**Assigned task**
Verbatim transcription with images omitted: return the entries below in full.

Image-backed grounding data
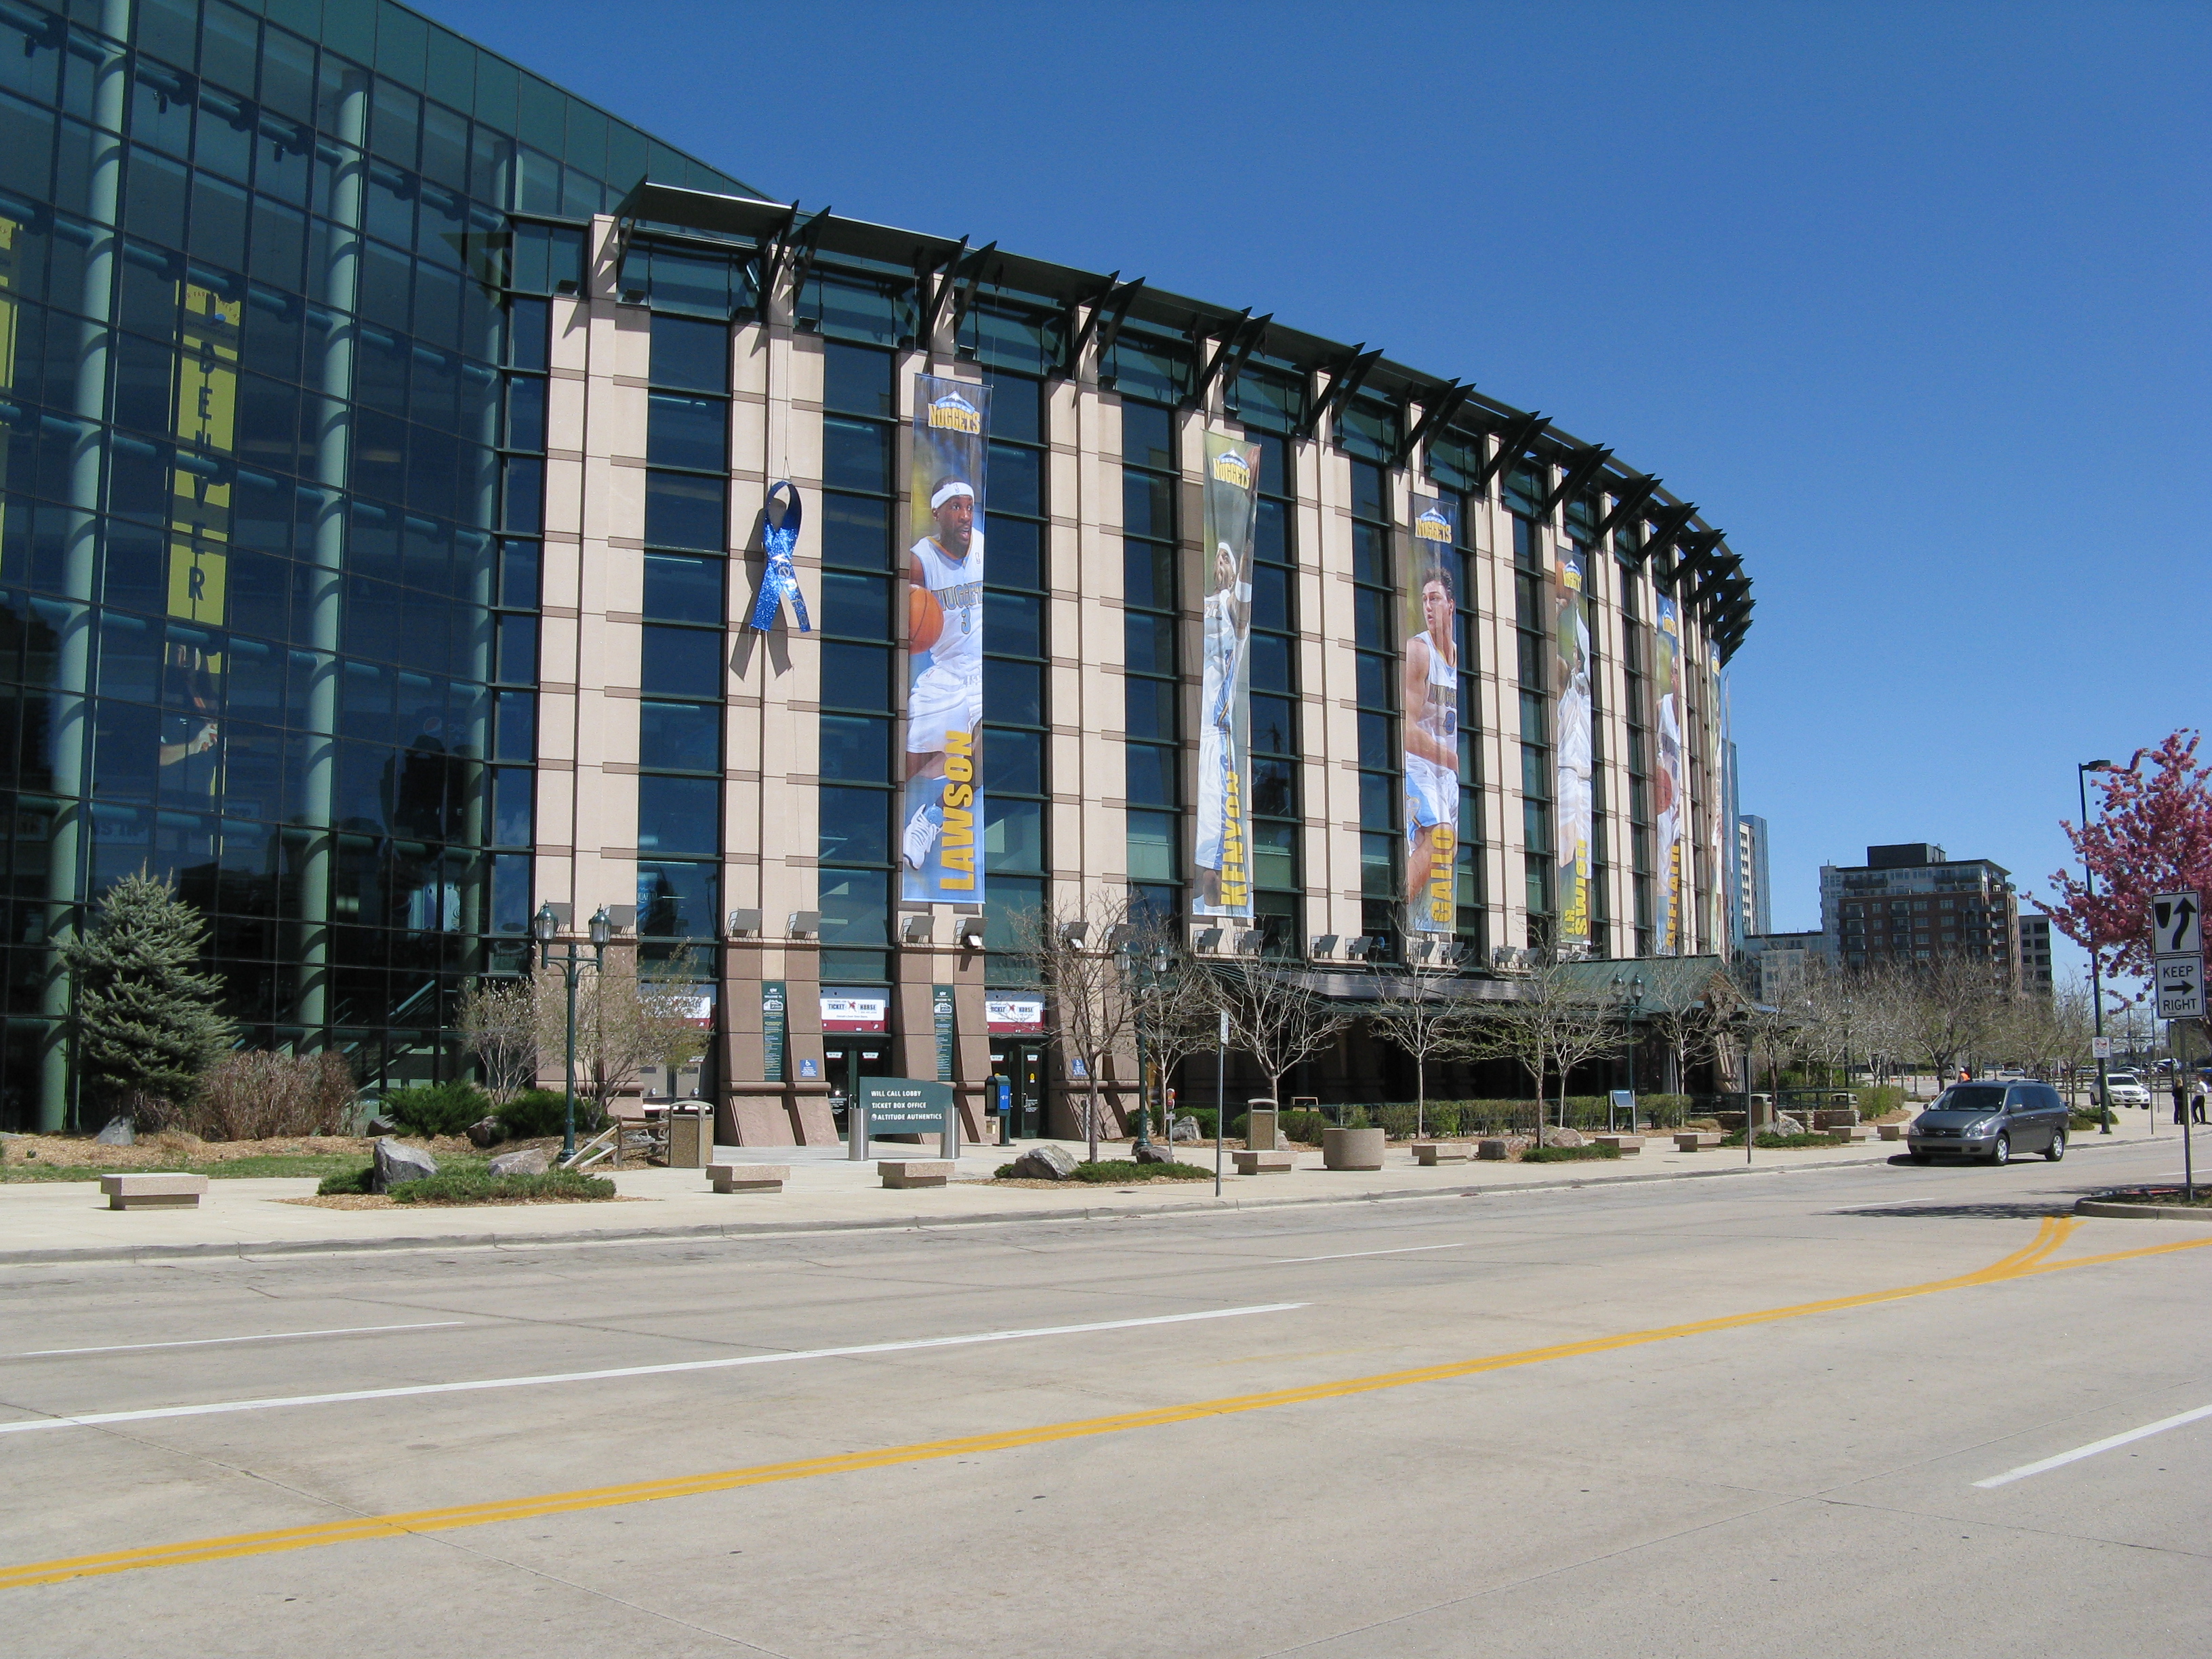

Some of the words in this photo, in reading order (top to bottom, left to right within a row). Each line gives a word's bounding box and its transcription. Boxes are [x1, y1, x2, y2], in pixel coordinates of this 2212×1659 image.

[928, 403, 981, 434] NUGGETS
[188, 341, 216, 601] DENVER
[1212, 457, 1250, 490] NUGGETS
[1415, 517, 1452, 544] NUGGETS
[961, 608, 971, 634] 3
[1444, 710, 1456, 734] 8
[940, 730, 975, 890] LAWSON
[1220, 770, 1248, 907] KENYON
[1430, 828, 1454, 922] GALLO
[1574, 839, 1588, 936] SWISH
[2163, 966, 2194, 978] KEEP
[2163, 998, 2196, 1011] RIGHT

**Answer for the task**
Some of the words in this photo, in reading order (top to bottom, left to right within a row). Each line gives a word's bounding box and its transcription. Boxes are [x1, y1, x2, y2], in pixel coordinates of this 2212×1659 image.

[928, 403, 981, 434] NUGGETS
[188, 341, 216, 601] DENVER
[1212, 457, 1250, 490] NUGGETS
[1415, 517, 1452, 544] NUGGETS
[961, 608, 971, 634] 3
[1444, 710, 1456, 734] 8
[940, 730, 975, 890] LAWSON
[1220, 770, 1248, 907] KENYON
[1430, 828, 1454, 922] GALLO
[1574, 839, 1588, 936] SWISH
[2163, 966, 2194, 978] KEEP
[2163, 998, 2196, 1011] RIGHT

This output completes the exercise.